Whether we are talking about individuals or businesses, COVID-19 has had devastating consequences on some, while much less impact on others.
While I am delighted that many things seem to be returning to normal, I fear Bloomington is minimizing the budgetary effects that will remain with us for years to come.
Last spring, the city of Bloomington was facing a multi-million-dollar budget shortfall as a result of COVID-19. The mayor appointed a Community Budget Advisory Committee last spring to make sure that budget decisions would be based on need and reflect the community’s preferences.
By October, the city’s wish list was still rather long. One of the items that the city’s creative placemaking staff was eager to spend $150,000 on was a mural and light installation on the 106th Street bridge at Interstate 35W. Councilmember Jack Baloga wisely pointed out that such a project during pandemic budget constraints would appear tone deaf. By a narrow margin (4-3) the mural was removed from the city’s budget.
Fast forward to 2021 when the city found out it will be getting $11.4 million through the Federal American Rescue Plan Act funds. At the June 14 meeting, the council was scheduled to talk about what projects it could now reconsider due to this windfall from the feds. Included in the agenda packet was a letter that Hennepin County Board Chairwoman Marion Greene had written to President Biden.
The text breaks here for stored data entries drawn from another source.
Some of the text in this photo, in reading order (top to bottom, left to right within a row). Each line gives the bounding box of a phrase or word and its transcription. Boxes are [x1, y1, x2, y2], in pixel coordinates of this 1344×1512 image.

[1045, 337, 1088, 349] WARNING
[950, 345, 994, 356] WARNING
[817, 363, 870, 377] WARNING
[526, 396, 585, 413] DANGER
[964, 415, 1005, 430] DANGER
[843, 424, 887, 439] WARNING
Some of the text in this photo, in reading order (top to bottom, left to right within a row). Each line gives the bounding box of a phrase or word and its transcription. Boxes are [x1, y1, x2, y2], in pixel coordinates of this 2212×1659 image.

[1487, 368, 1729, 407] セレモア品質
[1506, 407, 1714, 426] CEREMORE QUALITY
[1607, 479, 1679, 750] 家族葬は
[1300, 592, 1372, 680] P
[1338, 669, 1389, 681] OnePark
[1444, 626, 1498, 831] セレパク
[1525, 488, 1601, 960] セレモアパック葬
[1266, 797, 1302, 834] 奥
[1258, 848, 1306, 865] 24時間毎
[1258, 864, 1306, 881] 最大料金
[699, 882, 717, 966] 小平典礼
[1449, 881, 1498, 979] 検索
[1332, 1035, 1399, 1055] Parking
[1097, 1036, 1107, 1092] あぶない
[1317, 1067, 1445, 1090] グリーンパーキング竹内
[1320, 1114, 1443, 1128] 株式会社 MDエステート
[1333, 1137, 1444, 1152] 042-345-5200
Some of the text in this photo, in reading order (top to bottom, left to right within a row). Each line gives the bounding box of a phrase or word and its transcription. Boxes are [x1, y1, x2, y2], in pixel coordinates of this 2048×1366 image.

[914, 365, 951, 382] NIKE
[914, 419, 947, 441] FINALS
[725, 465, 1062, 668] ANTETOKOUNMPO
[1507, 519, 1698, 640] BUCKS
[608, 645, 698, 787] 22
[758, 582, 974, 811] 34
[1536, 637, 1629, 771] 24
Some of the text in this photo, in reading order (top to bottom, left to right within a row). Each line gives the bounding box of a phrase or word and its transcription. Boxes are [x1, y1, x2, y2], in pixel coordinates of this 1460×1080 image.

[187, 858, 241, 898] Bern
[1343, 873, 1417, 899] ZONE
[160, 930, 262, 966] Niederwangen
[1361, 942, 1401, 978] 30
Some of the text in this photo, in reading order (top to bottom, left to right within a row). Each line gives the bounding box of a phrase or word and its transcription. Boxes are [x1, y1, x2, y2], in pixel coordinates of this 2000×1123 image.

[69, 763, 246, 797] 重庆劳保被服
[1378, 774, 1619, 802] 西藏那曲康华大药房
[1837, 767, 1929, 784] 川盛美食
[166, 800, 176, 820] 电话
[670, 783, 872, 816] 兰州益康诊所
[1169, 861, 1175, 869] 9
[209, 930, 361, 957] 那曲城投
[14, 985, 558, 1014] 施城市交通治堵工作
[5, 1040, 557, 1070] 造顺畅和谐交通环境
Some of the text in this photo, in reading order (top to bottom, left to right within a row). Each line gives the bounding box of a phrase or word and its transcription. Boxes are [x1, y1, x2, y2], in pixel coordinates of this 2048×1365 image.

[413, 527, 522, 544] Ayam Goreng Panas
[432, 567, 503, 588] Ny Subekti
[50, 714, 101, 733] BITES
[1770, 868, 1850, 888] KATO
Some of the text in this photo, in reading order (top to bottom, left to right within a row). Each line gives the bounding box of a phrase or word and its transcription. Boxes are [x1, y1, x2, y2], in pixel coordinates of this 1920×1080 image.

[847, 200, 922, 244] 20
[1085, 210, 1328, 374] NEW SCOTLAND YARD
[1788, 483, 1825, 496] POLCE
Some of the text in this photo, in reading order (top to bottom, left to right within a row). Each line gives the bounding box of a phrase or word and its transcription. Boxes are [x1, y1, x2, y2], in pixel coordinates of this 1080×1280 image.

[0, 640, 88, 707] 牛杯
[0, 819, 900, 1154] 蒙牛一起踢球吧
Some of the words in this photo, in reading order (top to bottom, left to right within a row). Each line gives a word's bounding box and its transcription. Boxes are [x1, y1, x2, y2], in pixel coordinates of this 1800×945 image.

Greene thanked Biden for the money that the county could spend on things like COVID-19 testing, public health, small business grants, emergency rental assistance and homeowner support.
I read through the new wish list and while some things seemed reasonable, I was frustrated that the 106th Street bridge mural was back on the list for $150,000. There was also an additional $200,000 for other fluffy, feel-good creative placemaking projects throughout the city. I guess when Uncle Sam sprinkles down money from heaven, cost concerns go out the window.
Okay, so $350,000 is a small portion of that federal gift, but how many other smaller wasteful projects will be eating up funds that could be better spent? I’m a strong believer in the “latte factor,” based upon David Bach’s popular book which postulates that people need to look at the small things they frequently spend money on, as those things add up.
When I questioned the city why the mural was back on the list, I was told the 106th Street mural/lighting installation is on the list of items being evaluated by staff for possible recommendation to the City Council, with funding by American Rescue Plan dollars. This project is billed as having the potential to contribute to our local economy, employ local artists, entrepreneurs or small businesses, help build resiliency, and contribute to a safer space for pedestrians.
How does a bridge mural in south Bloomington build resilience and contribute to the local economy? As for pedestrian safety, the lights would accommodate that, but not the mural. And it seems it would just help one artist, not other entrepreneurs and small businesses.
In the end, the council ran out of time to talk about the ARPA funds, and it was moved to the July 26 meeting.
To be clear, no decisions have been made and further reading of the federal guidelines might remove items like this entirely. On the list of items to be considered for these funds, both the mural and the citywide placemaking projects were labeled “maybe” and “risky since it does not fit into any of the categories.”
So why would our city even consider it? Just because money comes from the county or state or federal government, that does not mean the money is free. Taxpayers will ultimately be responsible for it. And money spent on wish-list projects means less money for those who truly need it.
There are many different rescue plans in the works. Let’s hope our elected representatives commit to acting responsibly and don’t just employ the “use it or lose it” plan to spend anything that comes its way.